Bertrand, merci pour cette anecdote savoureuse s'il en est. Je n'ose même pas imaginer la nature des ingrédients utilisés pour concocter le papier des exemplaires numérotés de La Somnolence...

martine a dit…

Bonsoir Ed Wood,
Il était plus que temps que je vienne m'aventurer dans la Taverne puisque je découvre cette excellente chronique de Jérôme qui fait partie de ces rares lectures "coups de poing" qui surviennent dans notre vie de lecteur. Comme tu l'as très justement écrit: on ne sort pas indemne d'un tel roman.
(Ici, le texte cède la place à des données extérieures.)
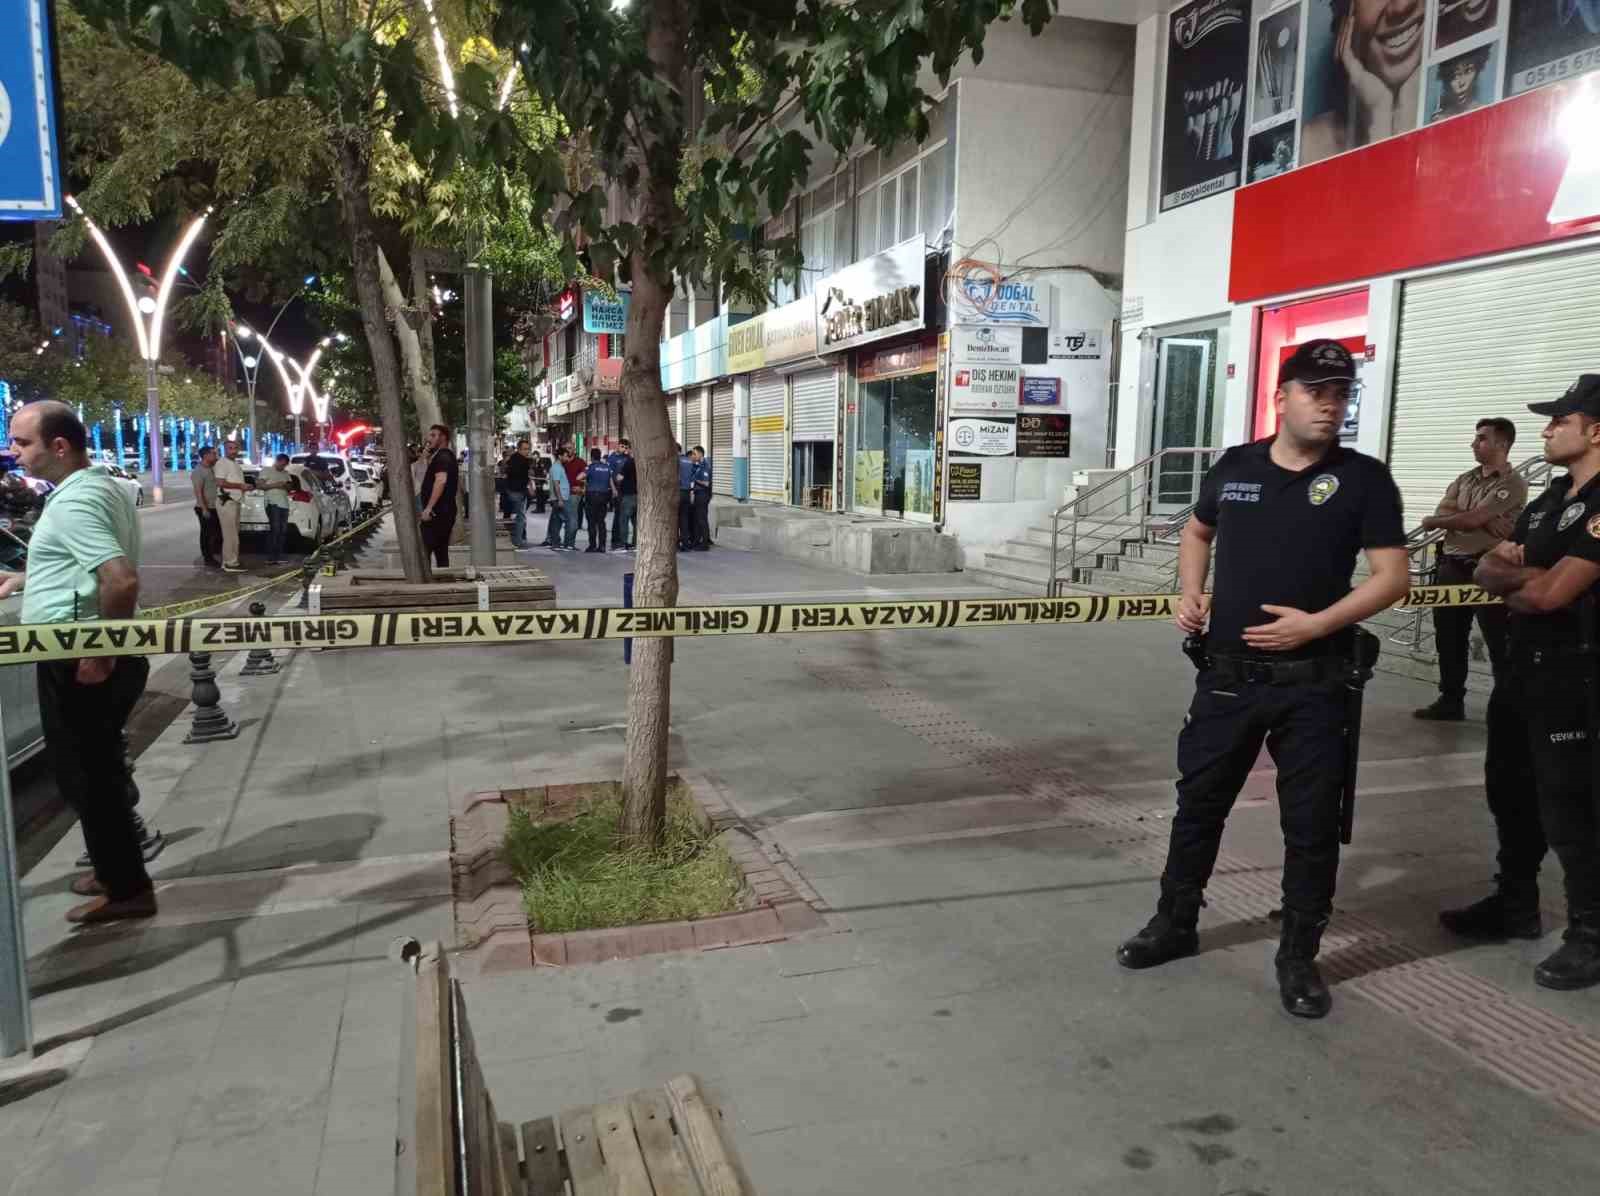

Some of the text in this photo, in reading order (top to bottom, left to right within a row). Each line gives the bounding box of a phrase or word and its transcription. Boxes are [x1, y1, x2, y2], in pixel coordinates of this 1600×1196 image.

[991, 301, 1040, 313] DENTAL
[791, 604, 935, 631] KAZA YERİ
[966, 601, 1080, 623] GİRİLMEZ
[1116, 598, 1172, 618] YERİ
[200, 619, 359, 645] GİRİLMEZ
[410, 613, 580, 643] KAZA YERİ
[616, 609, 750, 634] GİRİLMEZ
[54, 624, 158, 651] KAZA
Bravo en tout cas d'en avoir parlé avec beaucoup de sensibilité et justesse.

edwood a dit…

Martine,
C'est un grand plaisir de te retrouver ici pour saluer Jérôme, une lecture qui ne laisse pas de marbre, comme tu l'as si justement souligné.
Un grand merci pour les compliments associés à ma modeste lecture et aussi pour l'incitation à venir se perdre toujours et encore au sein de l'oeuvre de JP Martinet. Pour les curieux, il faut savoir que la taverne relaiera très bientôt de façon originale la parution
du numéro 2 de Capharnaüm. Un peu de patience encore..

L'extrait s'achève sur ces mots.